- _PROBLEM REQUIREMENTS_:
Copy the line with "Some of the words" and all lines following it through the last line of the entries, exactly as written.

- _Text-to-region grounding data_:
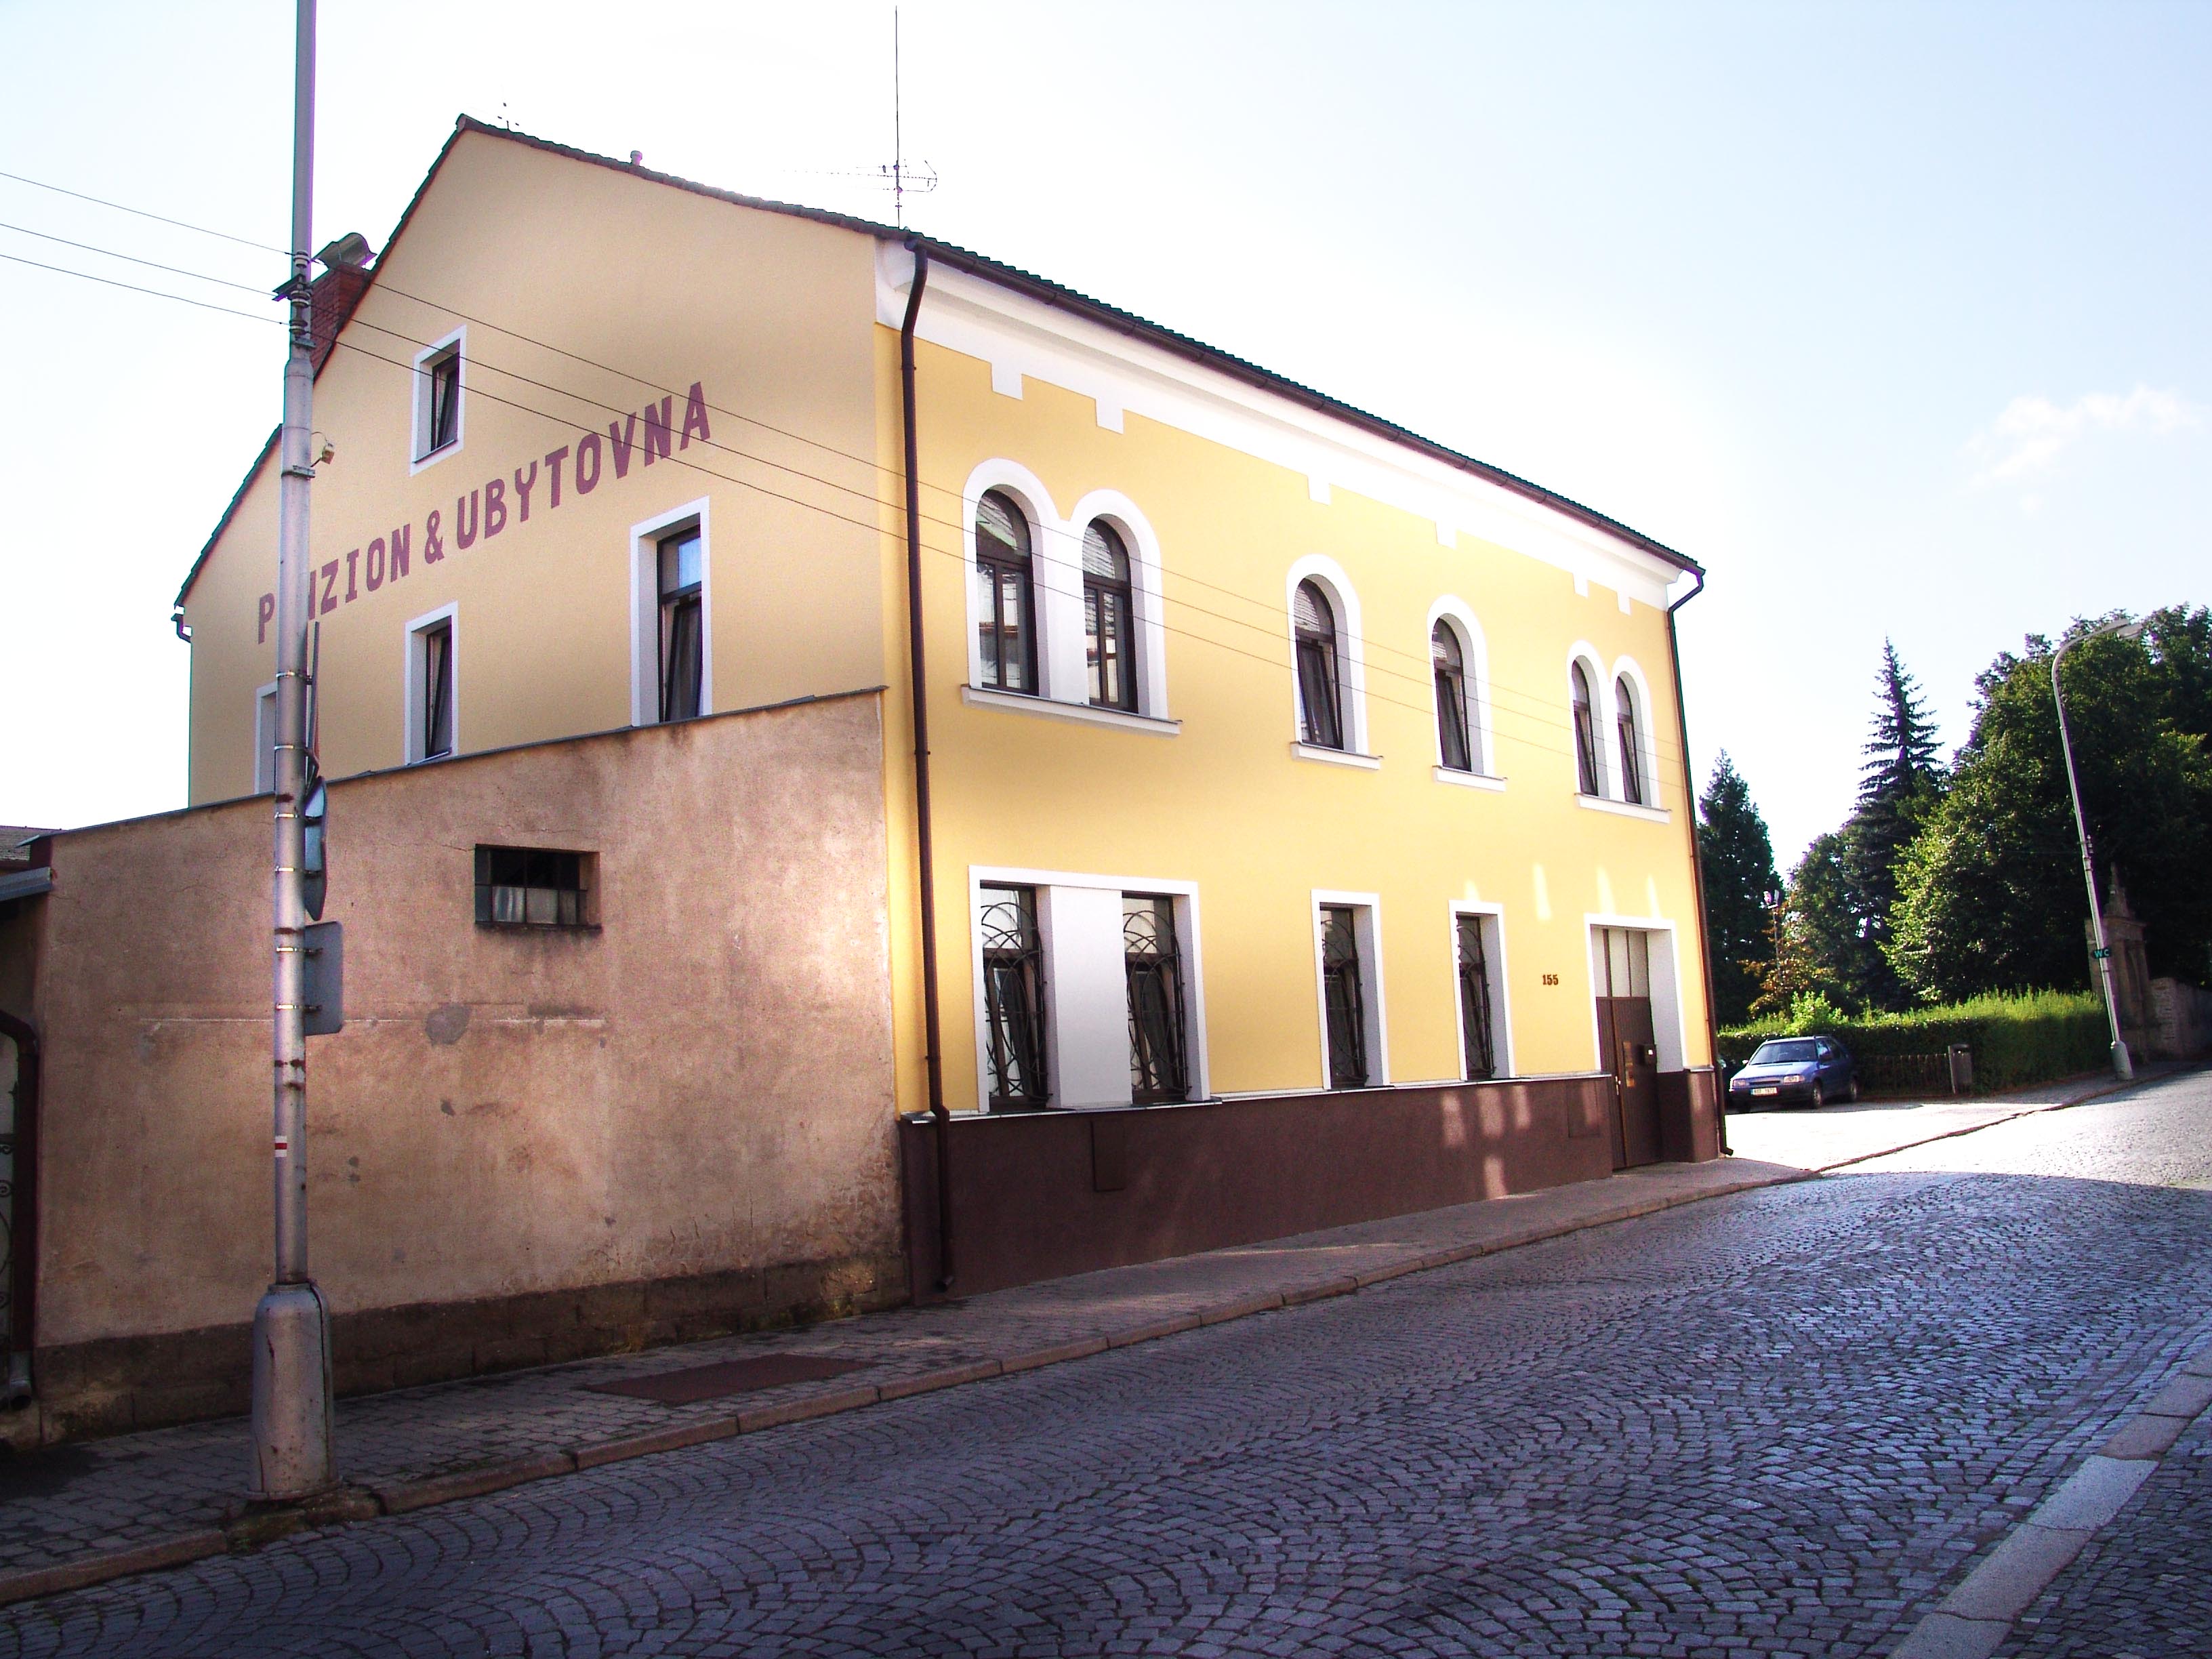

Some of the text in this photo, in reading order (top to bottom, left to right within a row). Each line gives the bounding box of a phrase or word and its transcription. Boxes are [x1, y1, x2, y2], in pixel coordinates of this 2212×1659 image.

[258, 381, 711, 645] PZION & UBYTOVNA
[2094, 949, 2110, 958] WC
[1542, 974, 1559, 985] 155
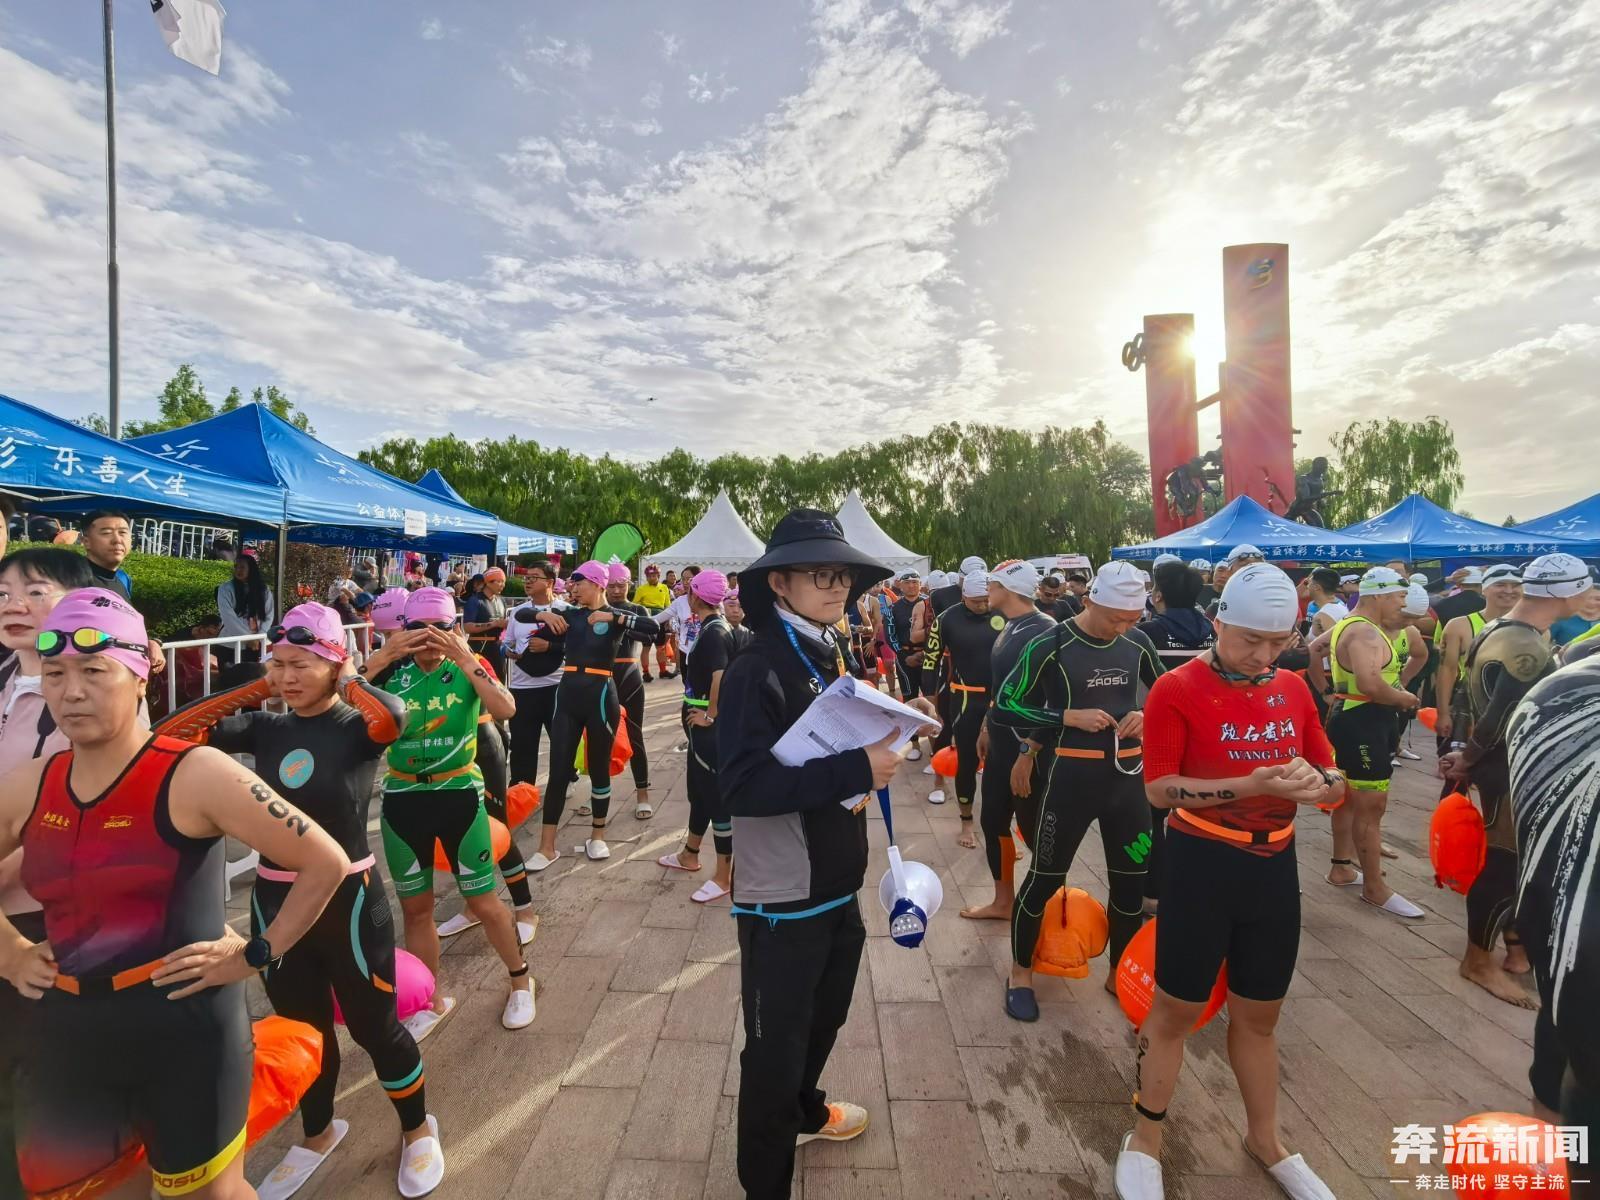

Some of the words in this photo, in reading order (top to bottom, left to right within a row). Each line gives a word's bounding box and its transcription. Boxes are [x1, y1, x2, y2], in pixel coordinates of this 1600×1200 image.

[53, 446, 190, 497] 乐善人生
[1314, 545, 1364, 558] 乐善人生
[1457, 543, 1504, 552] 公益体彩
[1513, 543, 1560, 553] 乐善人生
[923, 619, 941, 670] BASIC
[1087, 676, 1128, 688] ZAOSU
[1228, 750, 1271, 759] WANG

- _THE COMPLETED TASK_:
Some of the words in this photo, in reading order (top to bottom, left to right within a row). Each line gives a word's bounding box and its transcription. Boxes are [x1, y1, x2, y2], in pixel coordinates of this 1600×1200 image.

[53, 446, 190, 497] 乐善人生
[1314, 545, 1364, 558] 乐善人生
[1457, 543, 1504, 552] 公益体彩
[1513, 543, 1560, 553] 乐善人生
[923, 619, 941, 670] BASIC
[1087, 676, 1128, 688] ZAOSU
[1228, 750, 1271, 759] WANG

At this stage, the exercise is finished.